1/2 small bns, peeled and chopped.
4-5 carrots, chopped small
1tspn chilli flakes (more if you like it spicy)
3-4 tablespoons lemon (or the juice of two fresh lemons - and sling in some of the grated peel too).
Whole sea salt flakes (to taste - you can miss this out if you don't like to add salt).
Black pepper
olive oil
1ltr chicken stock

Fixings: add one/two/three of these depending on how hungry you are!

  • couple of slices of chorizo quartered
  • tablespoon dollop of hummus (don't you dare buy low-fat)
  • 2x tablespoons cooked pearl barley
  • hemp oil
Do it like a Luli*:


Boil the water for the chicken stock - or use bought/home made stock if you're really going for it!

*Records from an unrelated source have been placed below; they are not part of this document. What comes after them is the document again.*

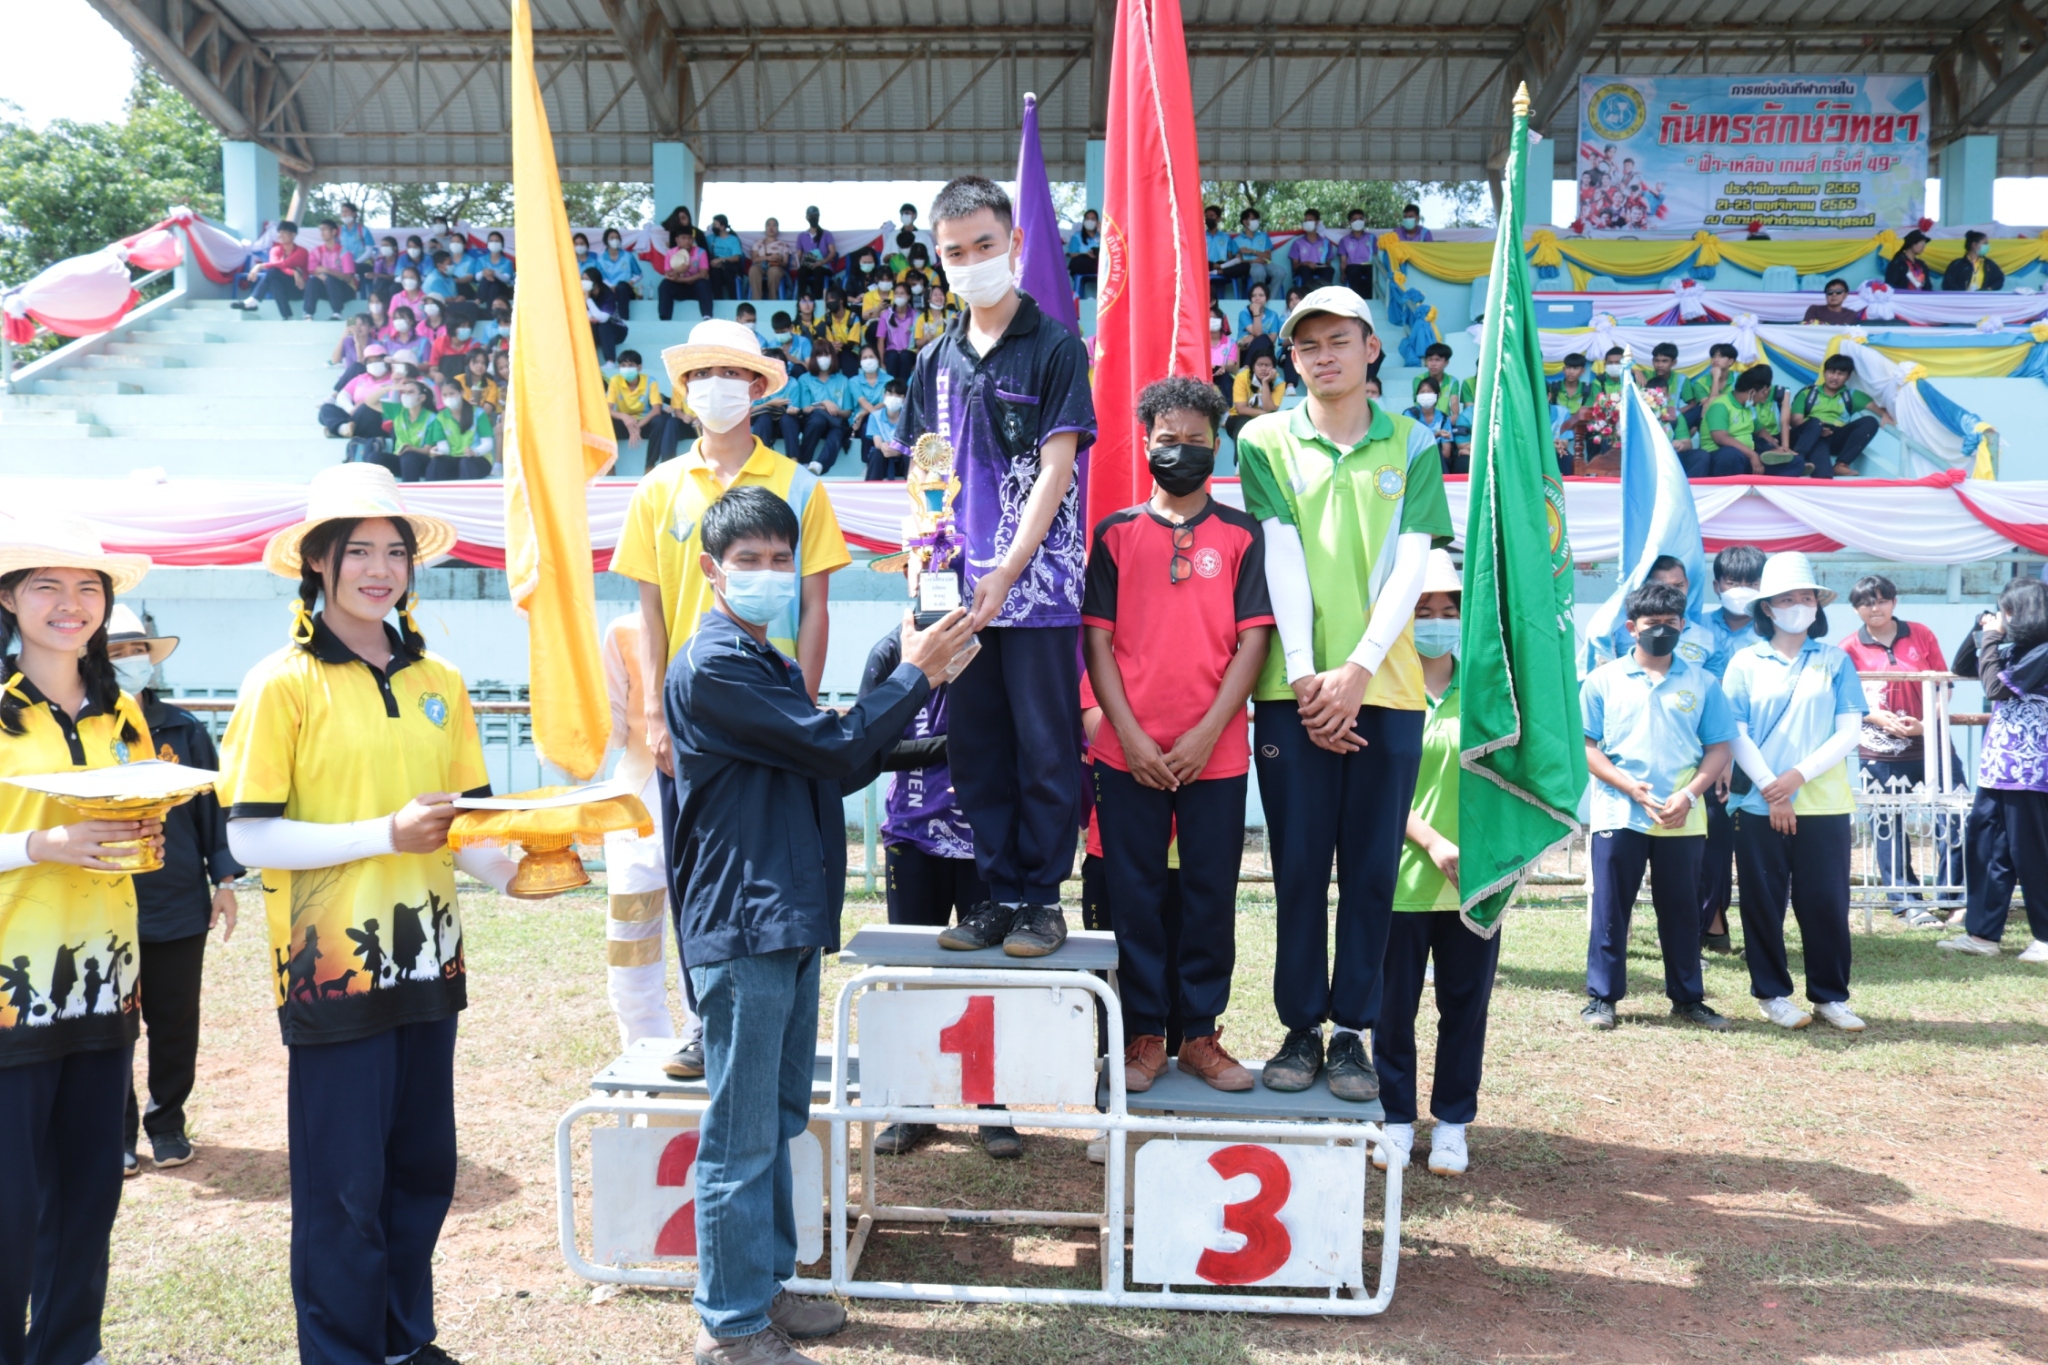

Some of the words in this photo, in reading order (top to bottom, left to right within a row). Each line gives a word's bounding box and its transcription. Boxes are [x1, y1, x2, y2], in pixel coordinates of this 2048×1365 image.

[1731, 82, 1854, 95] การแข่งขันกีฬาภายใน
[1659, 102, 1919, 144] กันทรลักษ์วิทยา
[1825, 182, 1860, 194] 2565
[1821, 198, 1856, 211] 2565
[939, 995, 995, 1104] 1
[1195, 1144, 1291, 1285] 3

Sweat the celery, leek and chilli flakes in some olive oil for about 5 mins. (use spray if you like).

Add the chopped bns and carrots and sweat for a few more minutes.

Now add the stock and bring to a soft rolling boil. Cover and let it simmer until the carrots are tender. This will take around 10 - 15 minutes, longer if you have cut your veggies chunky. I cut mine small - to speed up the cooking time.

I also stick the lid on across a wooden spoon to avoid the soup boiling over. It works for me.

When the veggies are cooked. Turn off the heat. Add the lemon juice.

You can leave this now until you are ready for it.

Whizz with a hand-held blender until smooth. (You don't have to do this - if you like chunky soup - it's ready to go just as it is. I just like blended soup).

Ladle soup into bowls  and add seasoning and fixings - I would deffo suggest the hemp oil - and you could add some toasted pumpkin seeds too.

Serve with Pumpkin Seed & Ermenthal dr Kargs, or lovely seedy, organic bread from the bakery. Or make your own. That'd be really flash!

*an Aussy friend once told me that being 'a right Luli' means being proper bonkers in Aussy parlance. I'll wear that hat!